(Stored data entries)
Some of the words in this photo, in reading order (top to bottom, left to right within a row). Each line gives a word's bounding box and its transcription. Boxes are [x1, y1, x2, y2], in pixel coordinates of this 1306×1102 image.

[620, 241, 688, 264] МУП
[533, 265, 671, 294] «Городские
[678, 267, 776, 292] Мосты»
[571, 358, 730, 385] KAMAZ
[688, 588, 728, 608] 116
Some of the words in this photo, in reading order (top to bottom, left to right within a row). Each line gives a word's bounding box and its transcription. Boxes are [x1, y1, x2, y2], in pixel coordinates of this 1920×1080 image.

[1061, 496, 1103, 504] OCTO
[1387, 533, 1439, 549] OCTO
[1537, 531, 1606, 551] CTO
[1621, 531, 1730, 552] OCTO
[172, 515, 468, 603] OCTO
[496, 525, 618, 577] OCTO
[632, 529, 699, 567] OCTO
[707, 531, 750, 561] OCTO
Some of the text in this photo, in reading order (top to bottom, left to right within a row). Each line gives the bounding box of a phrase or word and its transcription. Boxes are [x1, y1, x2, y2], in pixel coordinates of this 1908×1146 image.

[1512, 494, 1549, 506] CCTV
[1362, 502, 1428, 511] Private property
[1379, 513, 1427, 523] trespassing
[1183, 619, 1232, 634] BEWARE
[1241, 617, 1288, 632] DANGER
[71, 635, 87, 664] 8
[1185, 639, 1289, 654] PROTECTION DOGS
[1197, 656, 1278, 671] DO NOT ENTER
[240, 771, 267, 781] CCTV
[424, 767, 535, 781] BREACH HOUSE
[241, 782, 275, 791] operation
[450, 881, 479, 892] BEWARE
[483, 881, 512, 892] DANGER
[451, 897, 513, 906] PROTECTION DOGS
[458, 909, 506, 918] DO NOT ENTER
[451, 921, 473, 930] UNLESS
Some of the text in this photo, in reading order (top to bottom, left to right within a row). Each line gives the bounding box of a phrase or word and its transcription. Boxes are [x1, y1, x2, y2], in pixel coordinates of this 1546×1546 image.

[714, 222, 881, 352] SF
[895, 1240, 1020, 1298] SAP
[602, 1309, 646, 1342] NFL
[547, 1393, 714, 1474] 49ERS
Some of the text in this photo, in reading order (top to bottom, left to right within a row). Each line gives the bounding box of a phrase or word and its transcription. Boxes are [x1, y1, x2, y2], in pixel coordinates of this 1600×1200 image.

Problem: The entries above are to be output exactly as they appear.

Solution below:
Some of the words in this photo, in reading order (top to bottom, left to right within a row). Each line gives a word's bounding box and its transcription. Boxes are [x1, y1, x2, y2], in pixel coordinates of this 1306×1102 image.

[620, 241, 688, 264] МУП
[533, 265, 671, 294] «Городские
[678, 267, 776, 292] Мосты»
[571, 358, 730, 385] KAMAZ
[688, 588, 728, 608] 116
Some of the words in this photo, in reading order (top to bottom, left to right within a row). Each line gives a word's bounding box and its transcription. Boxes are [x1, y1, x2, y2], in pixel coordinates of this 1920×1080 image.

[1061, 496, 1103, 504] OCTO
[1387, 533, 1439, 549] OCTO
[1537, 531, 1606, 551] CTO
[1621, 531, 1730, 552] OCTO
[172, 515, 468, 603] OCTO
[496, 525, 618, 577] OCTO
[632, 529, 699, 567] OCTO
[707, 531, 750, 561] OCTO
Some of the text in this photo, in reading order (top to bottom, left to right within a row). Each line gives the bounding box of a phrase or word and its transcription. Boxes are [x1, y1, x2, y2], in pixel coordinates of this 1908×1146 image.

[1512, 494, 1549, 506] CCTV
[1362, 502, 1428, 511] Private property
[1379, 513, 1427, 523] trespassing
[1183, 619, 1232, 634] BEWARE
[1241, 617, 1288, 632] DANGER
[71, 635, 87, 664] 8
[1185, 639, 1289, 654] PROTECTION DOGS
[1197, 656, 1278, 671] DO NOT ENTER
[240, 771, 267, 781] CCTV
[424, 767, 535, 781] BREACH HOUSE
[241, 782, 275, 791] operation
[450, 881, 479, 892] BEWARE
[483, 881, 512, 892] DANGER
[451, 897, 513, 906] PROTECTION DOGS
[458, 909, 506, 918] DO NOT ENTER
[451, 921, 473, 930] UNLESS
Some of the text in this photo, in reading order (top to bottom, left to right within a row). Each line gives the bounding box of a phrase or word and its transcription. Boxes are [x1, y1, x2, y2], in pixel coordinates of this 1546×1546 image.

[714, 222, 881, 352] SF
[895, 1240, 1020, 1298] SAP
[602, 1309, 646, 1342] NFL
[547, 1393, 714, 1474] 49ERS
Some of the text in this photo, in reading order (top to bottom, left to right within a row). Each line gives the bounding box of a phrase or word and its transcription. Boxes are [x1, y1, x2, y2], in pixel coordinates of this 1600×1200 image.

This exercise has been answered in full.